Por: Juan Villoro. Proceso. 14/11/2017

Nadie ha captado a los inquilinos de la Presidencia con la indeleble pericia de Rogelio Naranjo. En un país donde los poderosos rara vez rinden cuentas, sus dibujos atrapan a las más elevadas potestades y las someten a la imborrable condena de ser vistas de ese modo.

Naranjo se ocupa de los rostros con lealtad artística (no se convierten en caricaturas por sus gestos, sino por las circunstancias en que actúan). A diferencia de la mayoría de los dibujantes satíricos, no distorsiona los rasgos físicos en función del humor.

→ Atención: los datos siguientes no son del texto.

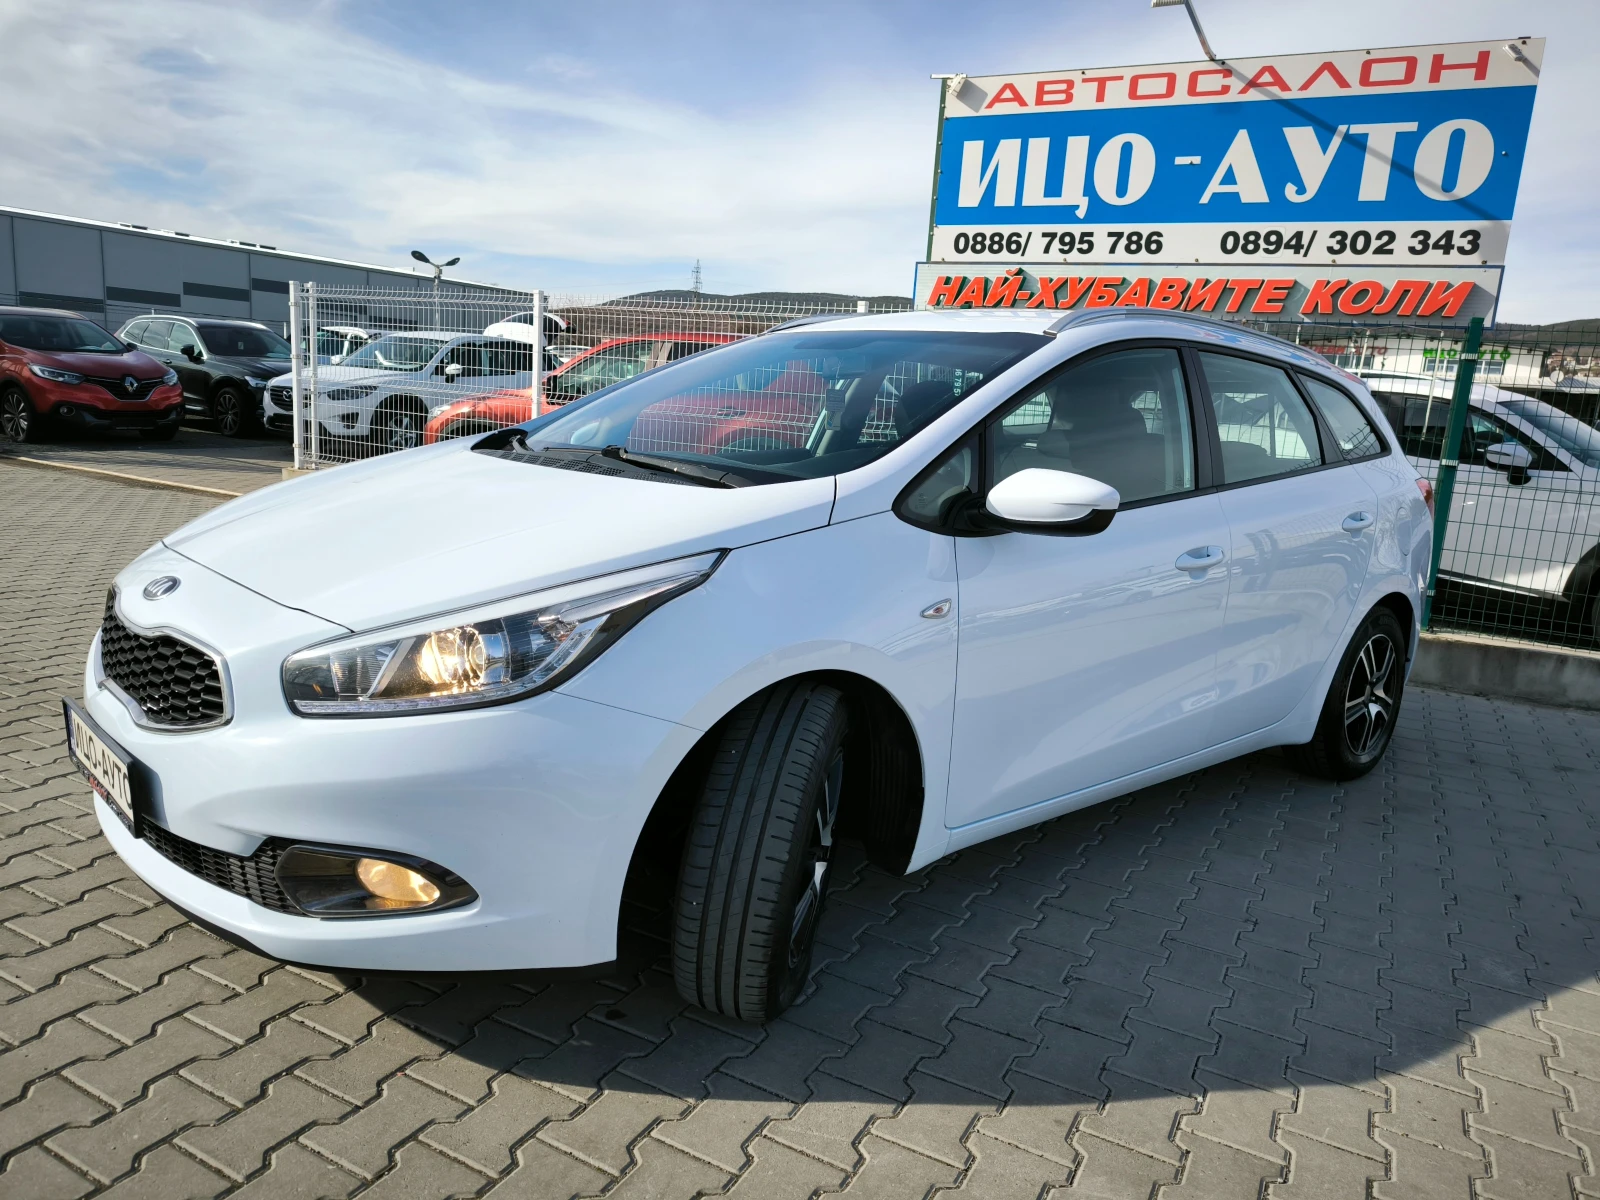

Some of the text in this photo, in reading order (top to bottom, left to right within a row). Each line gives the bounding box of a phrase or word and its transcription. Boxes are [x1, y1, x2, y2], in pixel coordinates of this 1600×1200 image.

Los hombres públicos comparecen en sus cartones con insólito realismo: cada arruga, cada minucia, cada tic es captado sin pedirle mayor auxilio a la burla o la ironía. Devoto de la figura humana, Naranjo detecta expresiones elocuentes: la mirada esquiva, la ojera sombría, el diente delator. El virtuosismo de su trazo dota de tal veracidad a sus retratos que en comparación con ellos los modelos que los inspiraron parecen copias desleídas. Ningún presidente ha lucido en televisión tan auténtico como en un dibujo de Naranjo.

Una vez al día, el caricaturista se ocupa de sus sujetos de elección. Bajo su pluma, los mandatarios aparecen de cuerpo presente, con el gesto definitivo de quien asiste a su propio funeral. Cada uno de estos prodigiosos cartones diarios es iniciado por un anatomista y concluido por un embalsamador, operación que eterniza los semblantes públicos.

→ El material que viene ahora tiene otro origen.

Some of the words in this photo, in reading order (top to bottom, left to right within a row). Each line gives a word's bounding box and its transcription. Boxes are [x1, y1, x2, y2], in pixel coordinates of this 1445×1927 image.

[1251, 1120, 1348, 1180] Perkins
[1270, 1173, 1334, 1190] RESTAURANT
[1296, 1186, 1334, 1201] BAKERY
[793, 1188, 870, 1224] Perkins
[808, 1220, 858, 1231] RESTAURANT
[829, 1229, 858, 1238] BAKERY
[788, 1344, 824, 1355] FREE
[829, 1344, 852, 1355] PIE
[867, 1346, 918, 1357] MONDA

Hay una clara postura ética en esta forma de trabajar facciones. Los políticos aparecen como lo que son, sin verse aumentados o disminuidos por el filo del caricaturista. “No hay que juzgar a los hombres por sus opiniones, sino por aquello en lo que sus opiniones los convierten”, escribió Lichtenberg. Naranjo comparte esta ilustrada opinión. Las caras que traza no son risibles en sí mismas (otras personas podrían servirse de ellas para llevar destinos provechosos). Los personajes no se comprometen por sus gestos sino por sus hechos.

Con goloso afán de realidad, el retratista lleva a sus criaturas al sitio donde han provocado su desorden, el embarcadero donde zarpó su peculiar Titanic. Sin falsearlos en lo más mínimo, los confronta con la evidencia. El rostro es genuino. También lo es su fechoría.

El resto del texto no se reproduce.